Task inputs: Begin

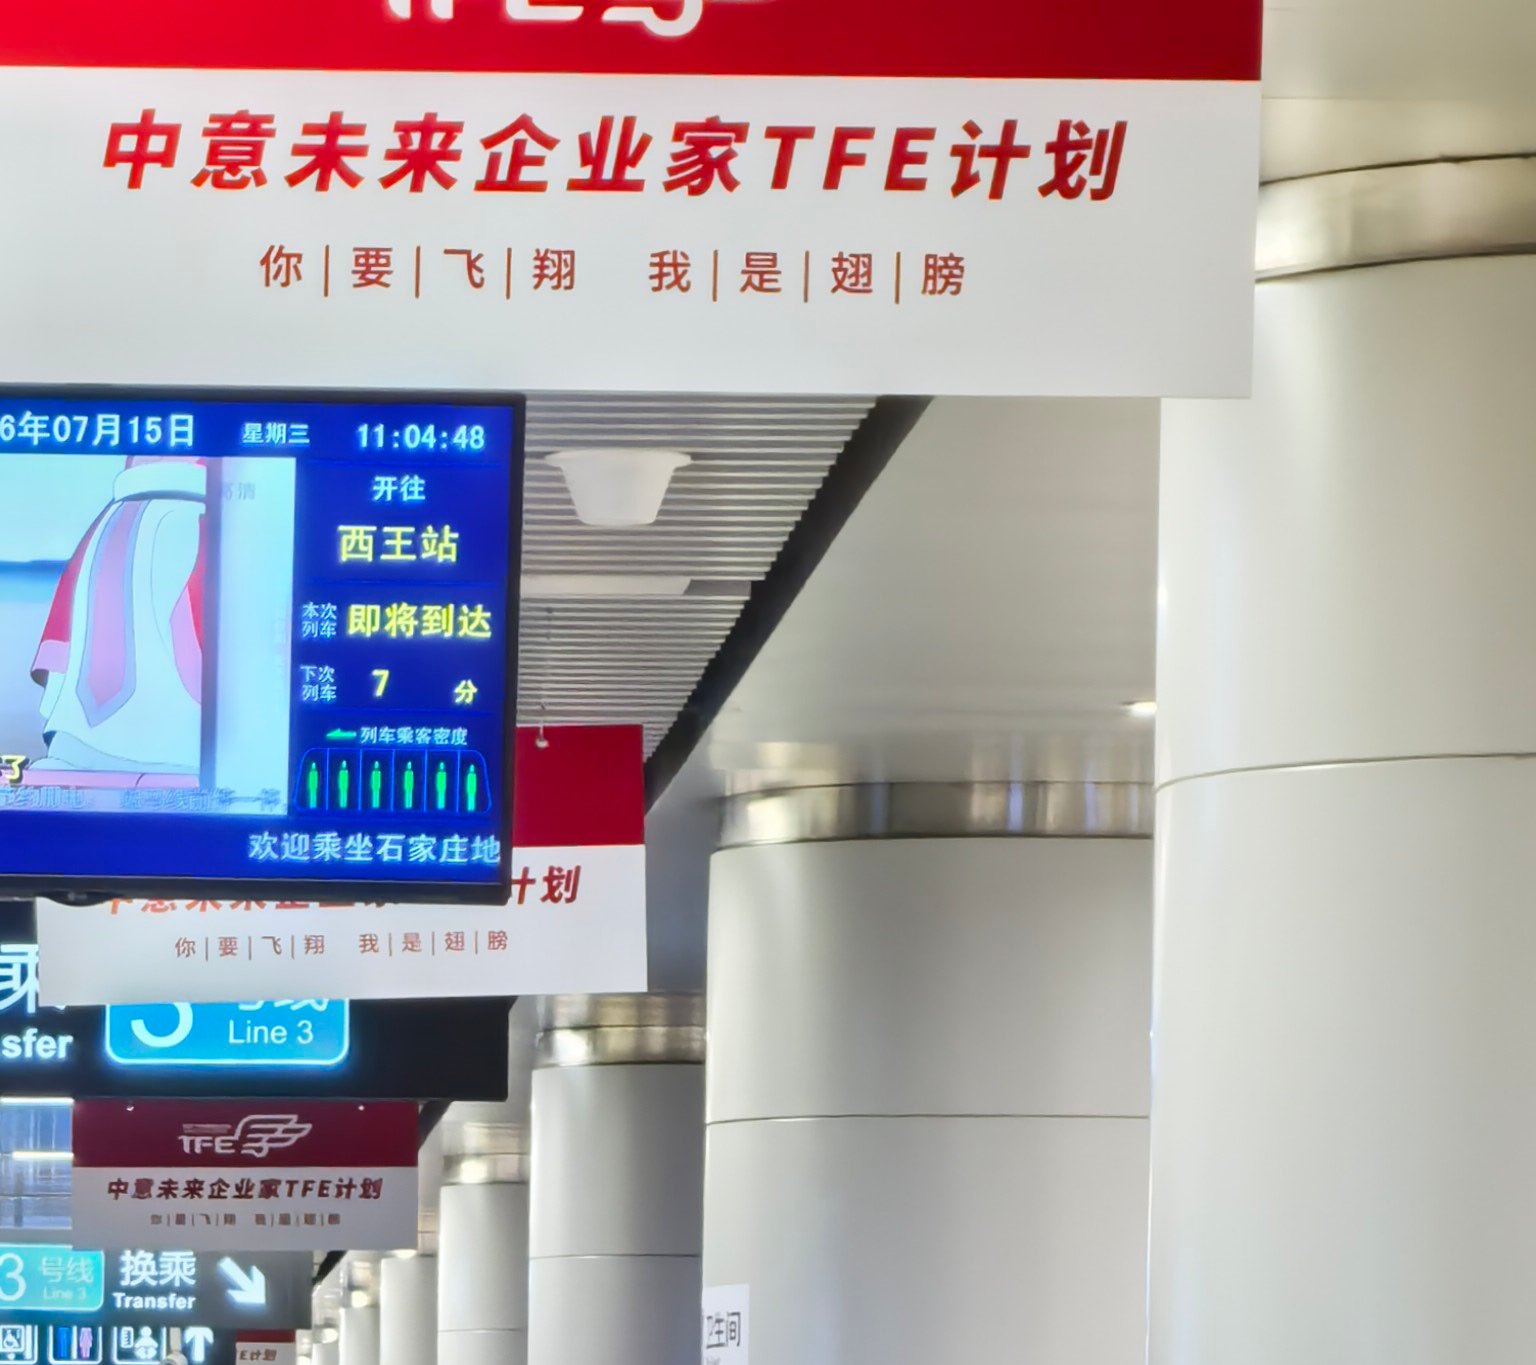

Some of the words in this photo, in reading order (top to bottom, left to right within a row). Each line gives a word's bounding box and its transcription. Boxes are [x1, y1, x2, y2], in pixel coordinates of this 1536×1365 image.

[101, 107, 1129, 203] 中意未来企业家TFE计划
[243, 422, 310, 445] 星期三
[358, 423, 485, 449] 11:04:48
[372, 475, 426, 501] 开往
[337, 524, 459, 563] 西王站
[302, 601, 337, 619] 本次
[347, 602, 492, 638] 即将到达
[302, 620, 337, 638] 列车
[300, 665, 335, 683] 下次
[371, 669, 390, 697] 7
[453, 679, 478, 704] 分
[302, 684, 337, 702] 列车
[360, 727, 468, 746] 列车乘客密度
[248, 831, 502, 865] 欢迎乘坐石家庄地
[229, 1020, 288, 1044] Line
[297, 1020, 313, 1044] 3
[120, 1250, 197, 1287] 换乘
[113, 1292, 197, 1310] Transfer
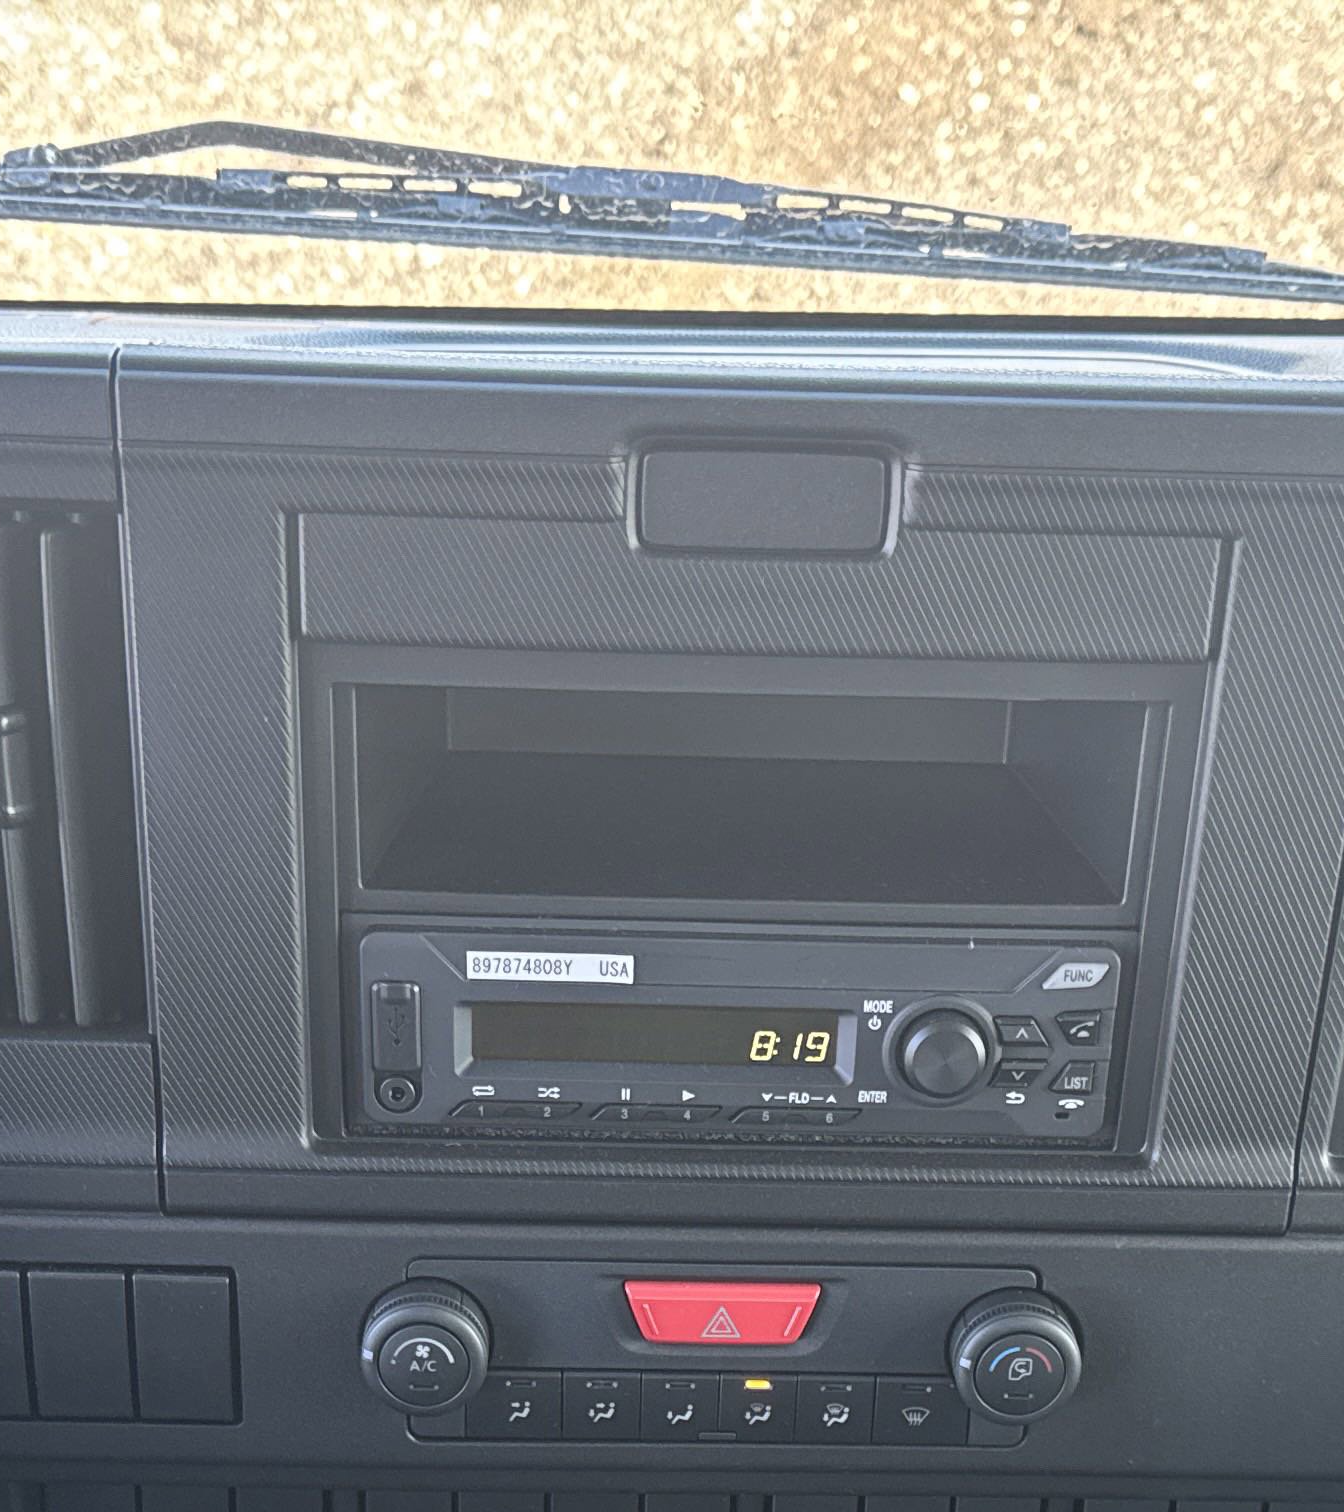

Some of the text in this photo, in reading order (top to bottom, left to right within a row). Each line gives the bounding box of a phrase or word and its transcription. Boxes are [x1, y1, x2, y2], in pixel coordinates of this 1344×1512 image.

[471, 956, 630, 978] 897874808Y USA
[1062, 969, 1095, 983] FUNC
[863, 1000, 894, 1014] MODE
[749, 1030, 830, 1062] 8:19
[1063, 1075, 1089, 1090] LIST
[857, 1090, 888, 1104] ENTER
[477, 1104, 486, 1117] 1
[543, 1106, 552, 1118] 2
[620, 1108, 629, 1120] 3
[682, 1109, 692, 1122] 4
[825, 1112, 834, 1124] 6
[409, 1360, 437, 1372] A/C

Task inputs: End

Task brief ▸ Make an exact copy of the records above, with the pictures left out.

Finished task ▸
Some of the words in this photo, in reading order (top to bottom, left to right within a row). Each line gives a word's bounding box and its transcription. Boxes are [x1, y1, x2, y2], in pixel coordinates of this 1536×1365 image.

[101, 107, 1129, 203] 中意未来企业家TFE计划
[243, 422, 310, 445] 星期三
[358, 423, 485, 449] 11:04:48
[372, 475, 426, 501] 开往
[337, 524, 459, 563] 西王站
[302, 601, 337, 619] 本次
[347, 602, 492, 638] 即将到达
[302, 620, 337, 638] 列车
[300, 665, 335, 683] 下次
[371, 669, 390, 697] 7
[453, 679, 478, 704] 分
[302, 684, 337, 702] 列车
[360, 727, 468, 746] 列车乘客密度
[248, 831, 502, 865] 欢迎乘坐石家庄地
[229, 1020, 288, 1044] Line
[297, 1020, 313, 1044] 3
[120, 1250, 197, 1287] 换乘
[113, 1292, 197, 1310] Transfer

Some of the text in this photo, in reading order (top to bottom, left to right within a row). Each line gives the bounding box of a phrase or word and its transcription. Boxes are [x1, y1, x2, y2], in pixel coordinates of this 1344×1512 image.

[471, 956, 630, 978] 897874808Y USA
[1062, 969, 1095, 983] FUNC
[863, 1000, 894, 1014] MODE
[749, 1030, 830, 1062] 8:19
[1063, 1075, 1089, 1090] LIST
[857, 1090, 888, 1104] ENTER
[477, 1104, 486, 1117] 1
[543, 1106, 552, 1118] 2
[620, 1108, 629, 1120] 3
[682, 1109, 692, 1122] 4
[825, 1112, 834, 1124] 6
[409, 1360, 437, 1372] A/C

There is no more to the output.